## Supplied records

Content starts

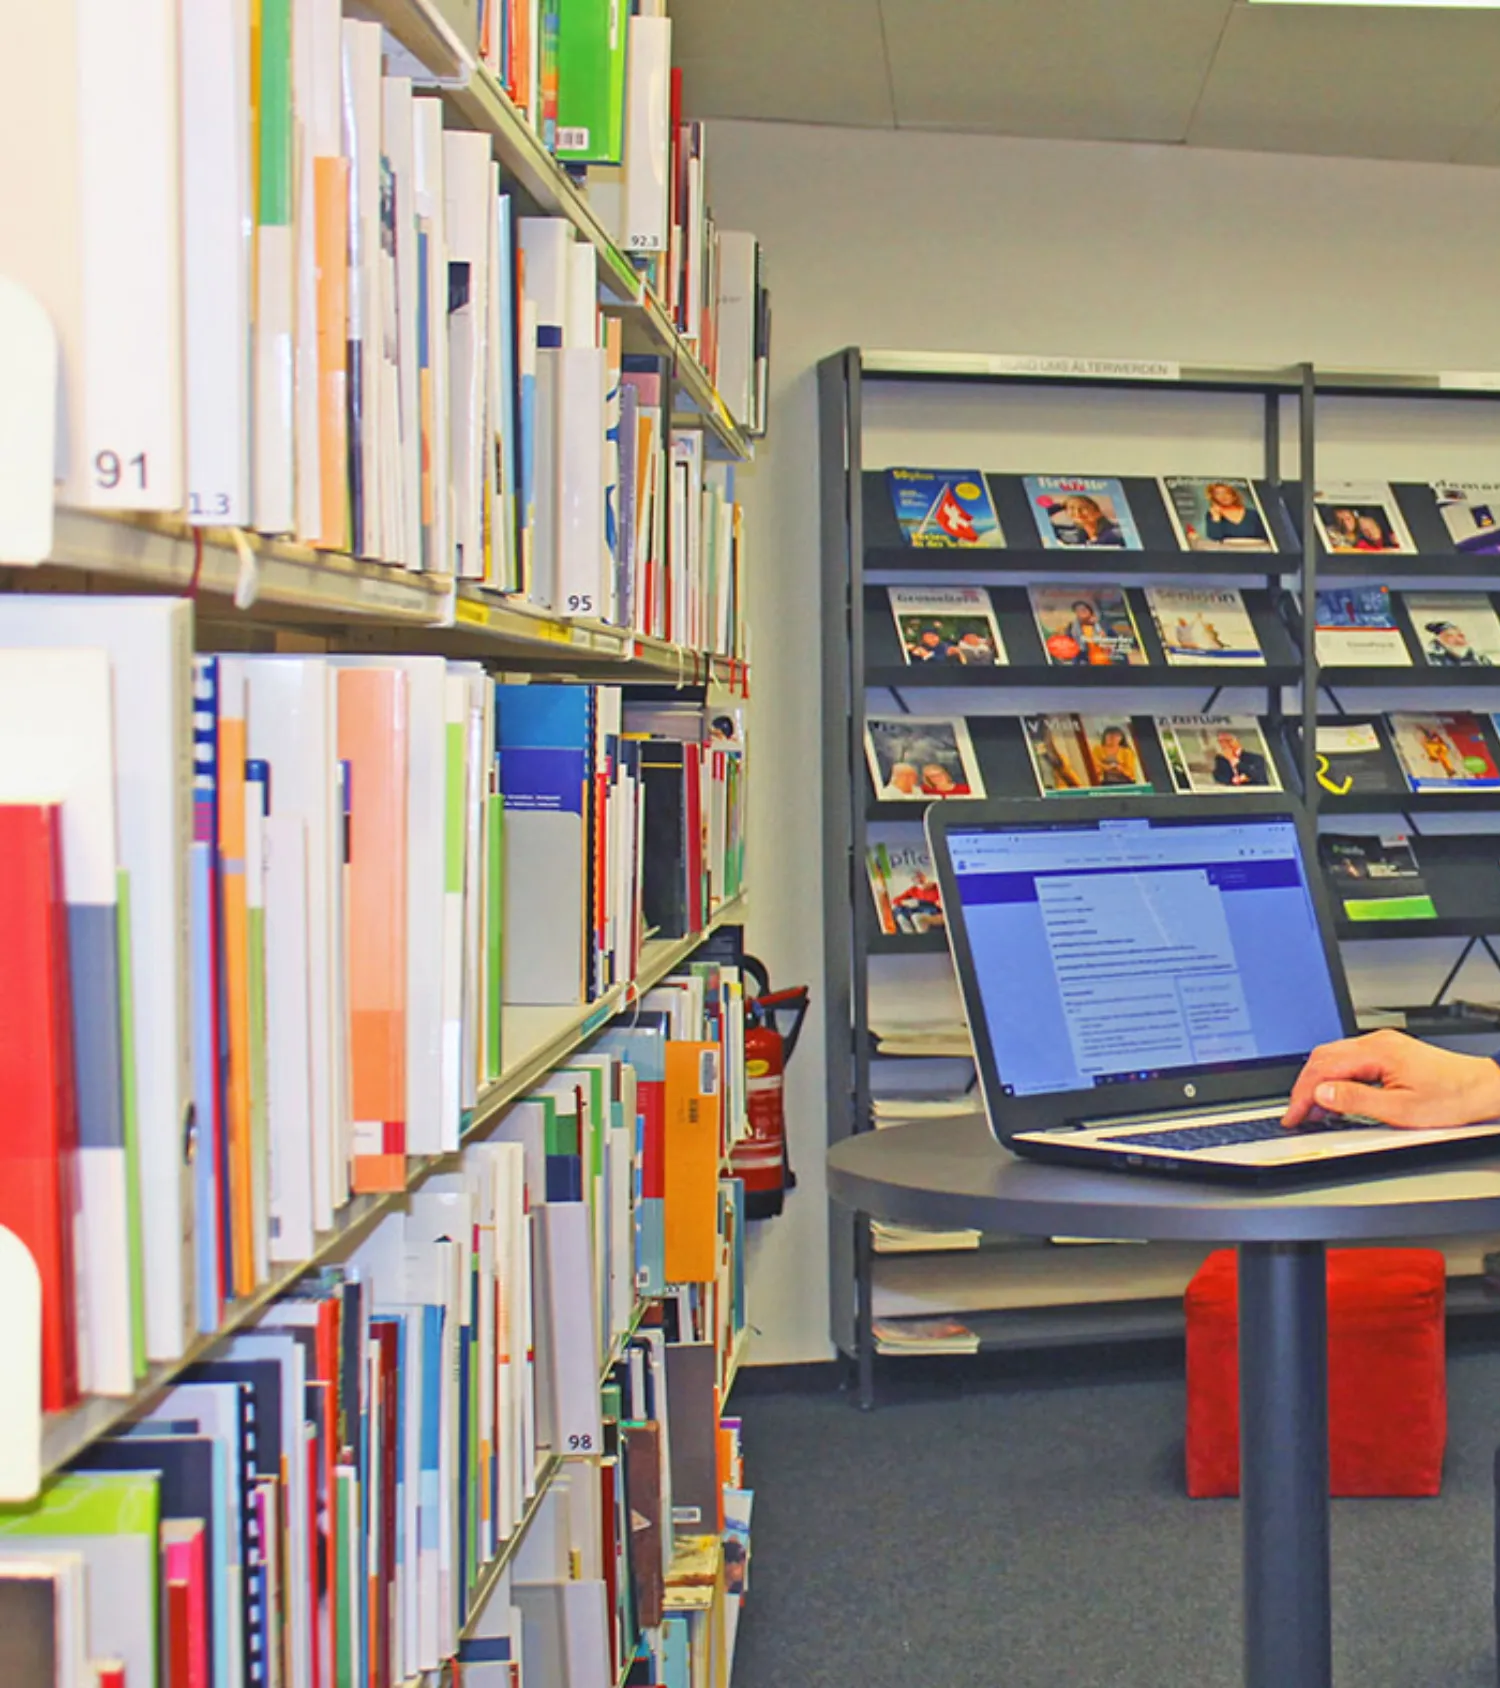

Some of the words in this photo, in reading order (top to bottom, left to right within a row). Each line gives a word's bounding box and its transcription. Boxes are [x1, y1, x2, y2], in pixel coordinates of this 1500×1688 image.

[631, 235, 658, 247] 92.3
[95, 450, 149, 489] 91
[569, 595, 592, 612] 95
[892, 848, 929, 869] pfle
[568, 1434, 592, 1450] 98
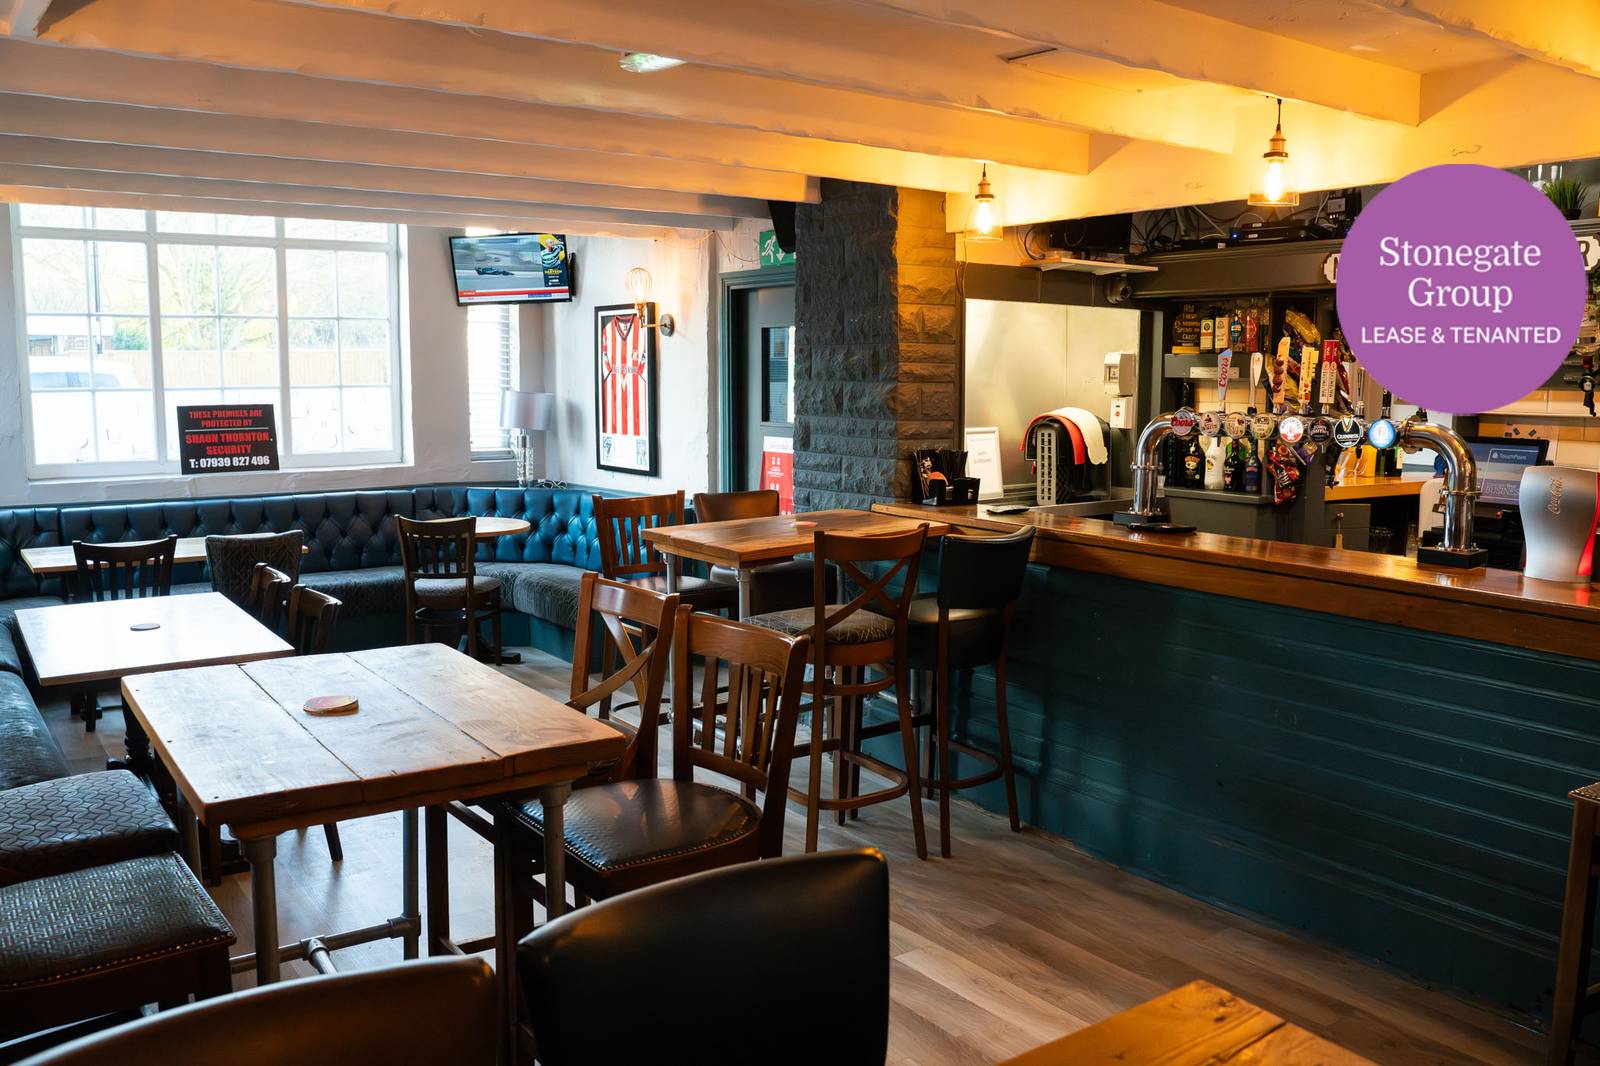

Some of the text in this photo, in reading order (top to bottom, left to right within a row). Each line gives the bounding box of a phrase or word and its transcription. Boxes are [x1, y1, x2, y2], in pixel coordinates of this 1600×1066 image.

[1218, 357, 1229, 387] Coors
[189, 409, 263, 419] THESE PREMISES ARE
[201, 419, 242, 428] PROTECTED
[1171, 416, 1194, 427] Coors
[185, 431, 269, 444] SHAUN THORNTON
[206, 444, 251, 455] SECURITY
[189, 458, 199, 469] T:
[200, 457, 231, 468] 07939
[251, 455, 270, 466] 496
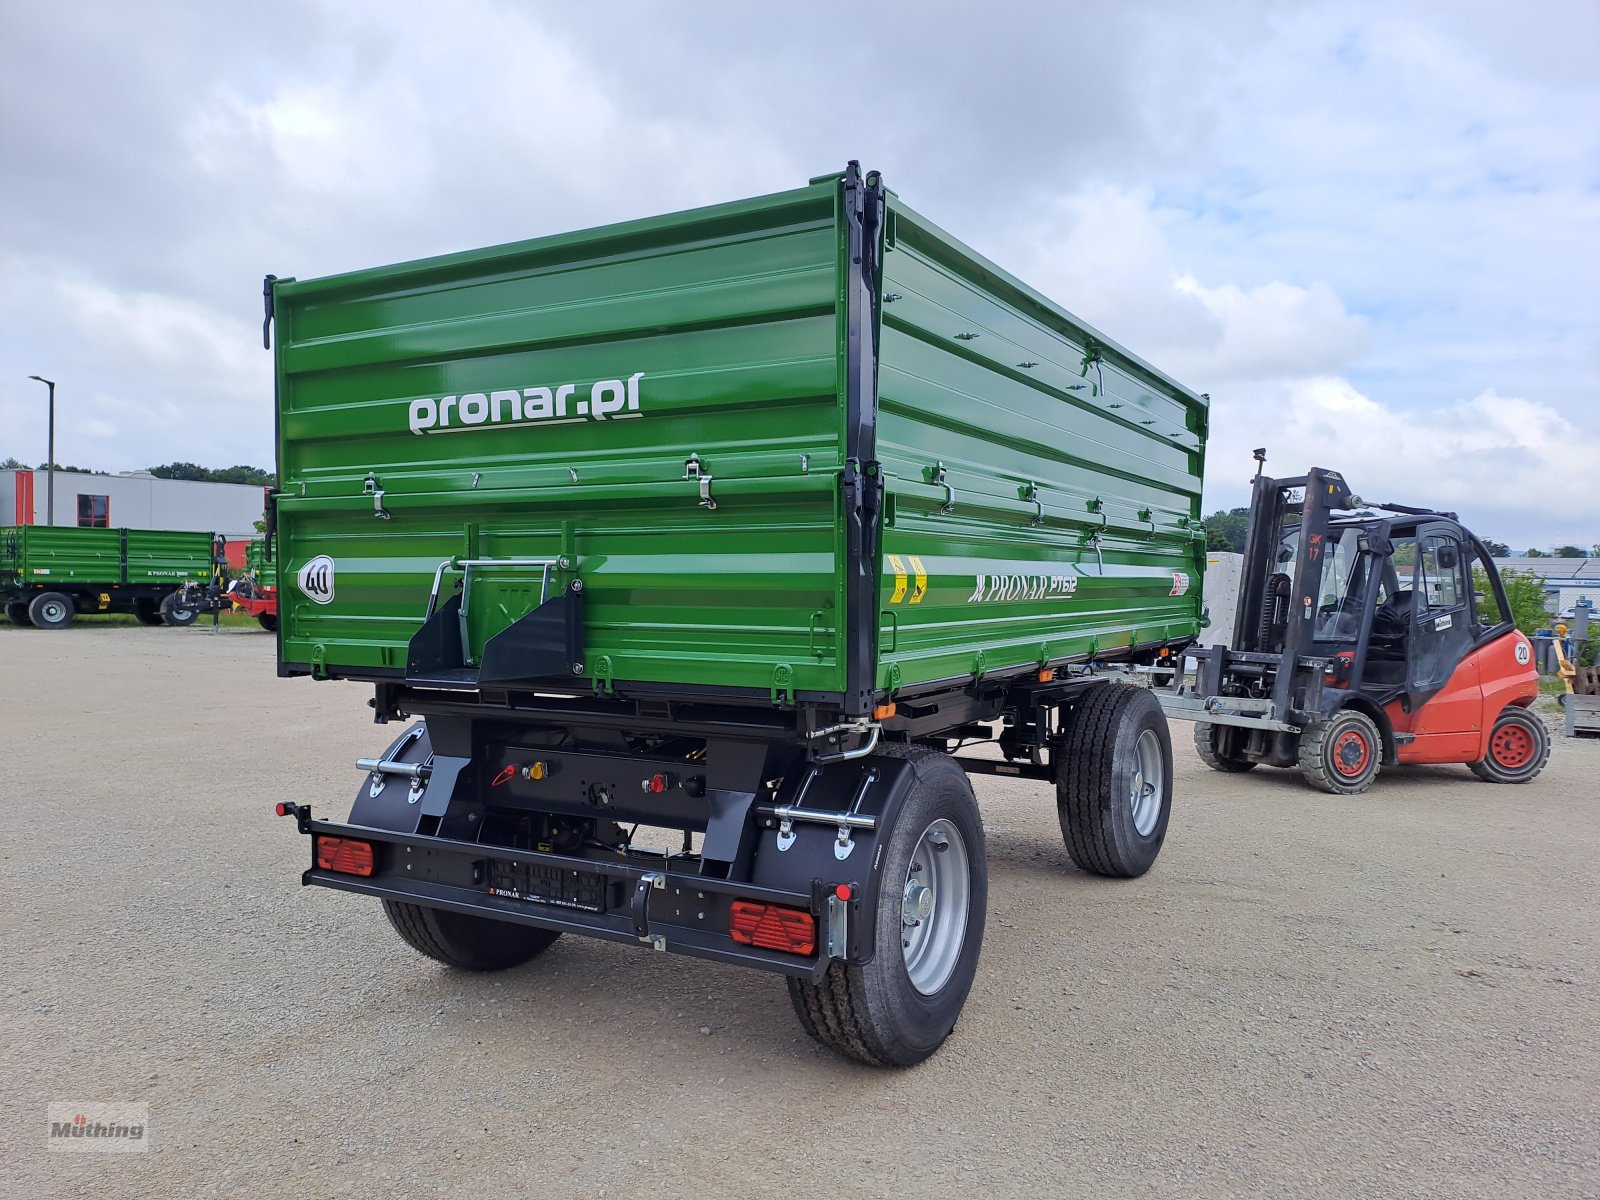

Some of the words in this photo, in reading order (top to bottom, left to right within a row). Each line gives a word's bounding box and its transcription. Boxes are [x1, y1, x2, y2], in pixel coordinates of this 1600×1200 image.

Content ends

## Requirement
Only the text of the records belongs in the answer; reproduce it verbatim, with no pictures.

## Reply to the task
Some of the words in this photo, in reading order (top to bottom, left to right within a row). Each line gives a word's bounding box and its transcription. Boxes are [x1, y1, x2, y2], in pixel coordinates of this 1500×1688 image.

[631, 235, 658, 247] 92.3
[95, 450, 149, 489] 91
[569, 595, 592, 612] 95
[892, 848, 929, 869] pfle
[568, 1434, 592, 1450] 98

Some of the text in this photo, in reading order (top to bottom, left to right within a row). Each line gives the bounding box of a phrase or word and its transcription. Boxes are [x1, y1, x2, y2], in pixel coordinates of this 1600×1066 image.

[1218, 357, 1229, 387] Coors
[189, 409, 263, 419] THESE PREMISES ARE
[201, 419, 242, 428] PROTECTED
[1171, 416, 1194, 427] Coors
[185, 431, 269, 444] SHAUN THORNTON
[206, 444, 251, 455] SECURITY
[189, 458, 199, 469] T:
[200, 457, 231, 468] 07939
[251, 455, 270, 466] 496

Some of the words in this photo, in reading order (top to bottom, left to right within a row). Each line gives a word's bounding box and its transcription. Boxes are [x1, y1, x2, y2], in pixel coordinates of this 1600×1200 image.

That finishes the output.